Work instructions: Find every line in the records that holds the string "phrase". Copy each one.

Records shown:
◇ ◇ ◇ ◇

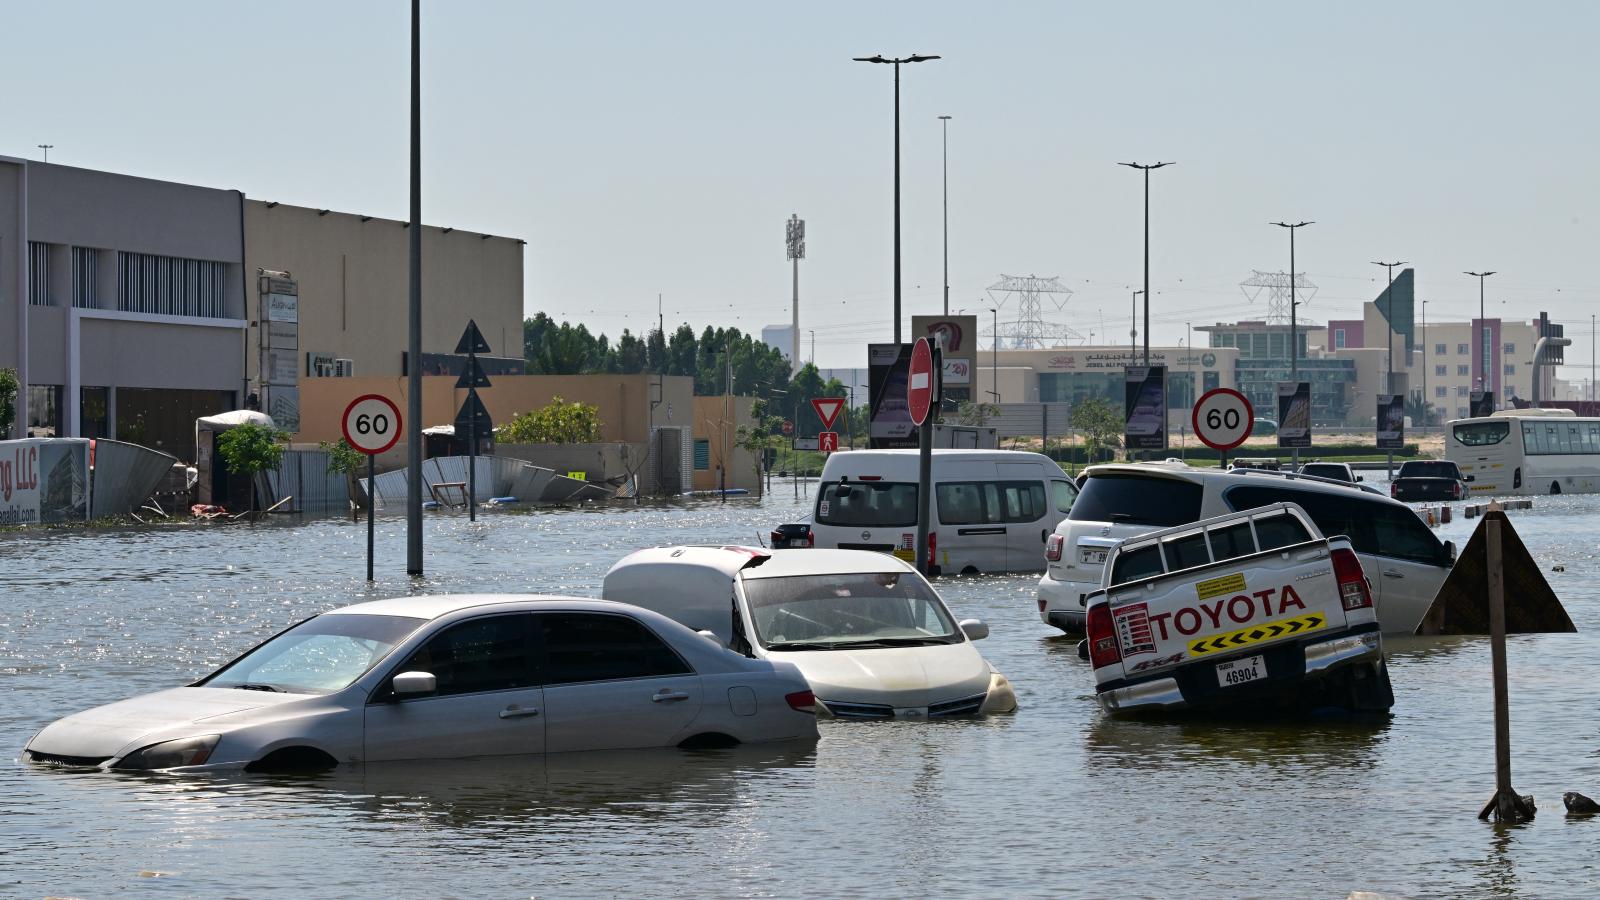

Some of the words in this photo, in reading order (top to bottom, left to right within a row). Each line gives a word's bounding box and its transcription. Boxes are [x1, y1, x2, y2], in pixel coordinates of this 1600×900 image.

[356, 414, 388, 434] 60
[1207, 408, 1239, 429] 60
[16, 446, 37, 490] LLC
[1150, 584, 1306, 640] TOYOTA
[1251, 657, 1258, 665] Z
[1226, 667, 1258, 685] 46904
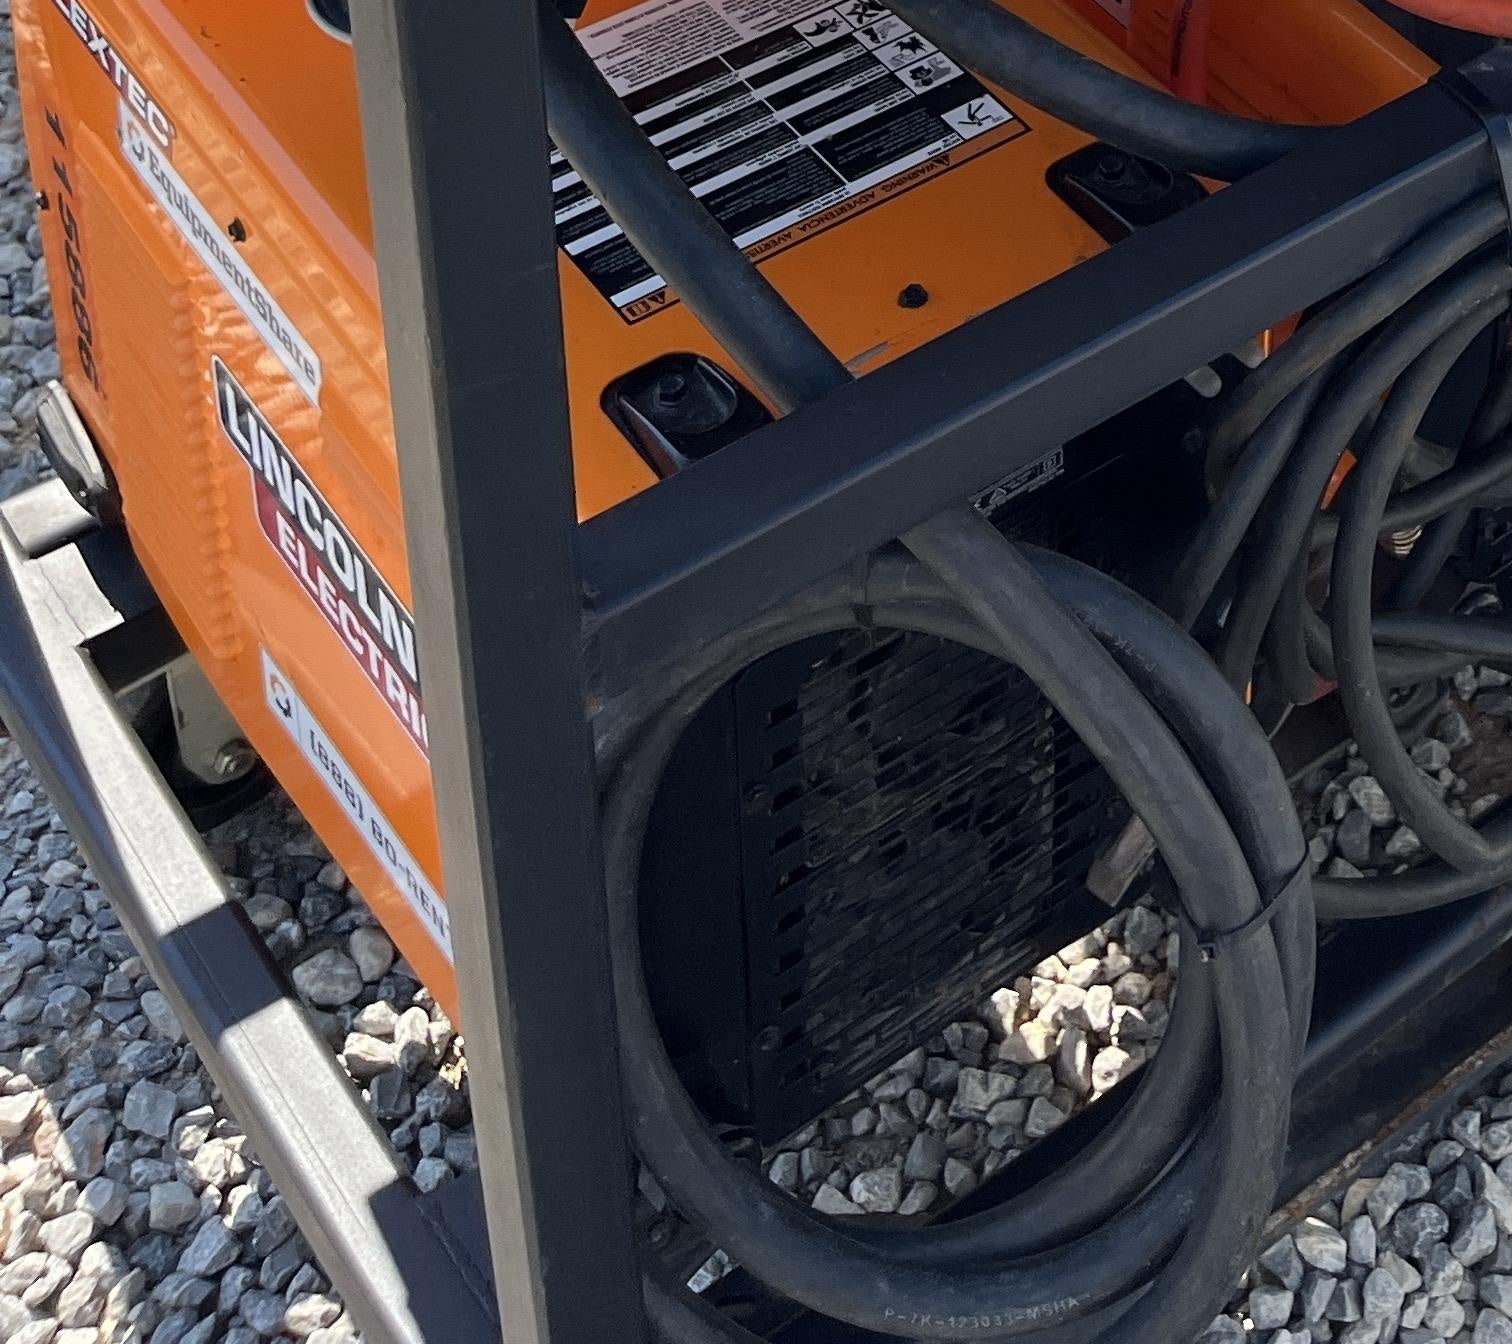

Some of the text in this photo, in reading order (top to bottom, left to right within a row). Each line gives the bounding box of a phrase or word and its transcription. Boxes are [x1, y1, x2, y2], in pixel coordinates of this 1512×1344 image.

◇ ◇ ◇ ◇

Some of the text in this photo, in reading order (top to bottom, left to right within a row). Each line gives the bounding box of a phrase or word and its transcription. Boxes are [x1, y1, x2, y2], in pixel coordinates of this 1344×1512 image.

◇ ◇ ◇ ◇

Answer to this exercise:
Some of the text in this photo, in reading order (top to bottom, left to right within a row). Each line gives the bounding box of a phrase or word and its transcription. Boxes are [x1, y1, x2, y2], in pixel coordinates of this 1512×1344 image.
Some of the text in this photo, in reading order (top to bottom, left to right within a row). Each line gives the bounding box of a phrase or word and its transcription. Boxes are [x1, y1, x2, y2], in pixel coordinates of this 1344×1512 image.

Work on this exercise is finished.